The levels of inflammatory cytokines in the BALF were measured by an enzyme-linked immunosorbent assay. As shown in Figure 2, in agreement with the histological inflammatory changes, a memorably higher level of IL-6 (Figure 2A), TNF-α (Figure 2B), IL-17A (Figure 2C), IL-4 (Figure 2D), and IFN-γ (Figure 2E) was observed in COPD mice (p < 0.01), while they were significantly decreased with PLE treatment (p < 0.05 or 0.01), showing a dose-dependent manner in the decrease of IL-6, TNF-α, and IL-4. The ratio of IFN-γ/IL-4 was increased slightly but with no significance in COPD mice when compared with the control group. As to positive control, significant inhibitions were shown in TNF-α (p < 0.01), IFN-γ (p < 0.05), and IL-17A (p < 0.01) with RFST treatment, but no significance was observed with DEX treatment, the exact reason of which still needs to be explored. These results suggested that the PLE was imperative for ameliorating inflammation in LPS/CS-induced COPD mice and exhibited a better outcome in decreasing the levels of inflammatory factors with PLE treatment than RFST and DEX treatment.

PLE Inhibited the Inflammatory Responses in LPS-Stimulated RAW264.7 Macrophages In Vitro

In vitro LPS-stimulated RAW264.7 cells were used to assess the anti-inflammatory effects of the PLE. As shown in Figure 3A, no obvious cytotoxicity was observed in PLE concentrations less than 1,600 μg/ml in vitro; therefore, 50, 100, and 200 ug/mL concentrations of the PLE were chosen for experiments in vitro. As shown in Figure 3B, PLE treatment significantly inhibited LPS-induced RAW264.7 cell intracellular ROS production (p < 0.01) manifested both in fluorescent cell counts and their representative fluorescent shift by flow cytometry detection, which was further confirmed by using an inverted research microscope observation (Figure 3C).

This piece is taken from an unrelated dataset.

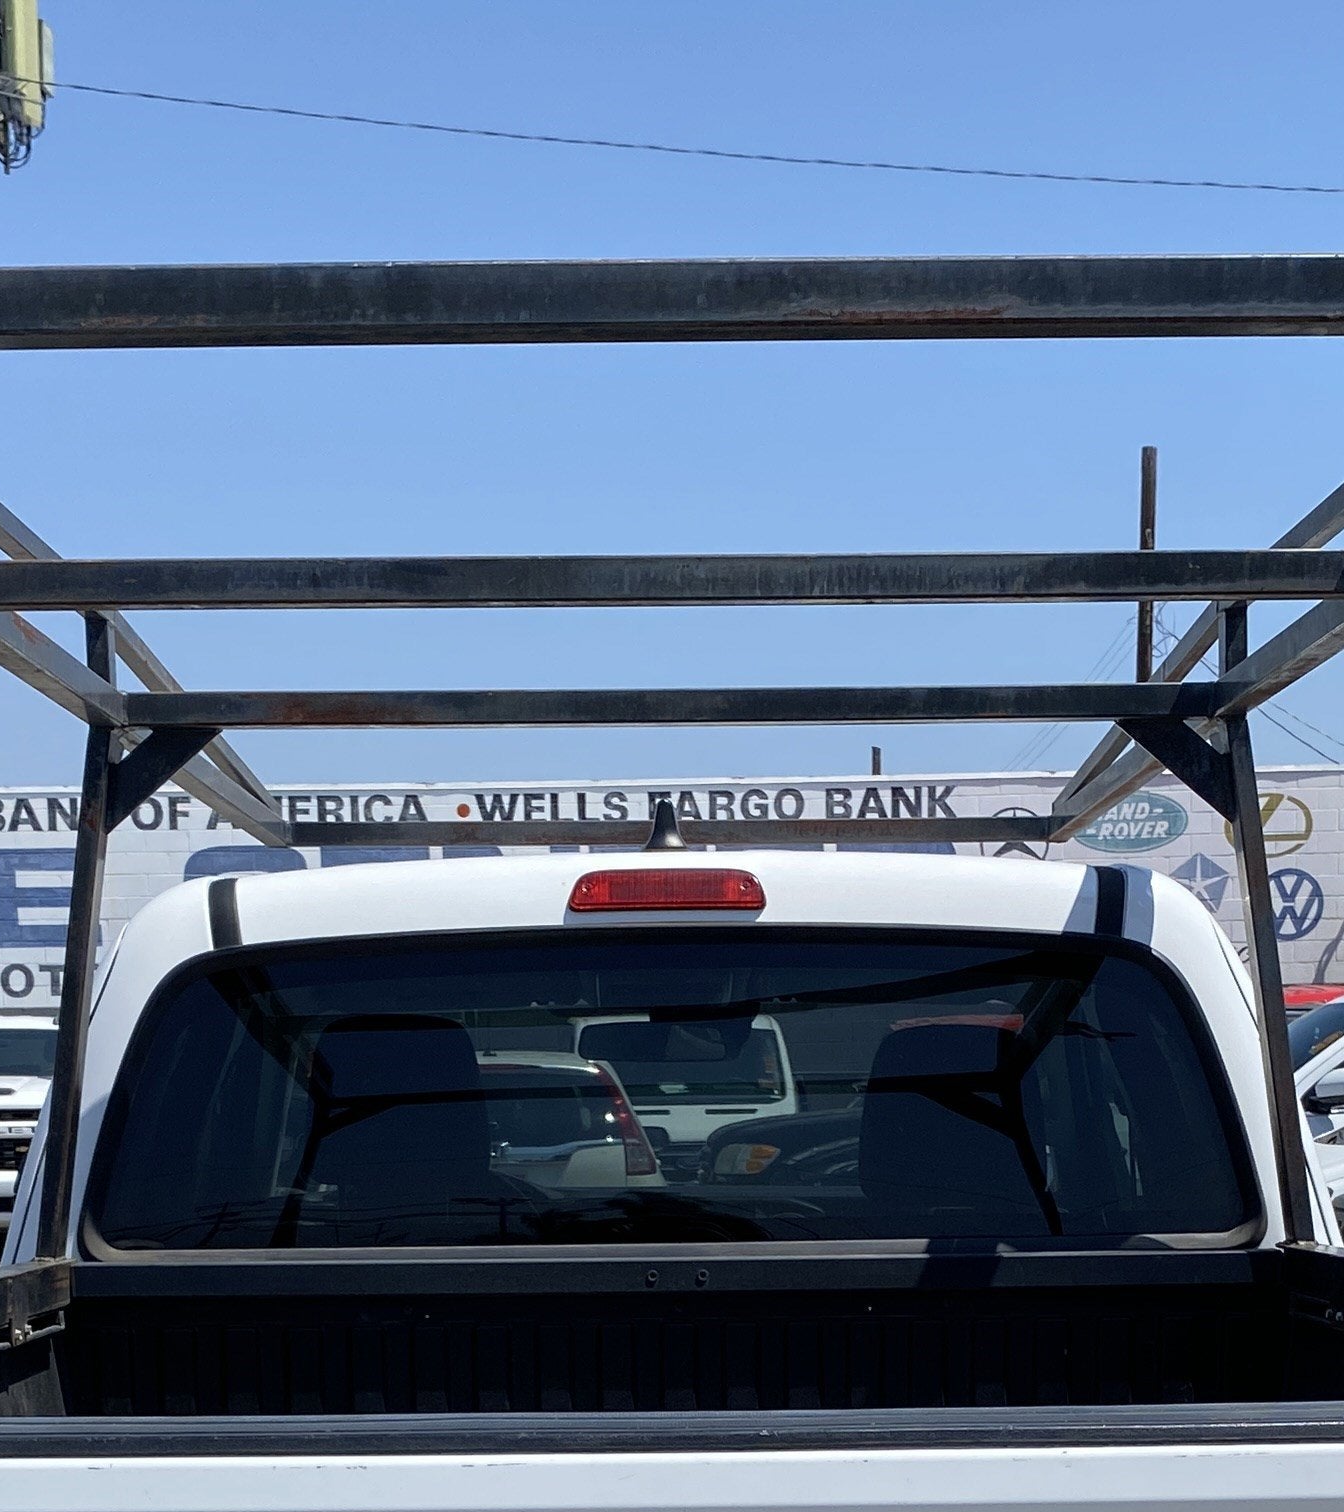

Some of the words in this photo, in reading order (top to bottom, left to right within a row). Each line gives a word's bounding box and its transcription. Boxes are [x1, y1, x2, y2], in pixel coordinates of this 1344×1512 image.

As shown in Figures 3D–F, PLE treatment can significantly attenuate the secretion of NO (p < 0.01), IL-6 (p < 0.01), and TNF-α (p < 0.01) in LPS-stimulated RAW264.7 macrophages in a dose-dependent manner. By these, it is suggested that the PLE possessed an antioxidant and anti-inflammation potential in vitro.

FIGURE 3

FIGURE 3. Effects of the PLE on inflammatory responses in LPS-stimulated RAW264.7 macrophages. (A) Cell proliferation was measured by MTT assay. (Ba) Intracellular ROS was determined by flow cytometry and (Bb) its DCFH-DA fluorescence shift was calculated by FlowJo software. (Ca) Representative images (magnification ×200) of cells DCF fluorescence visualized and (Cb) their intensity was analyzed by ImageJ software. Levels of NO (D) in cell culture supernatants were detected by Griess assay, and IL-6 (E) and TNF-α (F) were detected by ELISA assays. Experiments were carried out on 3 separate experiments. Data were shown as mean ± SEM. ^#p < 0.05 and ^##p < 0.01 compared with the CONTROL group; *p < 0.05 and **p < 0.01 compared with the MODEL group.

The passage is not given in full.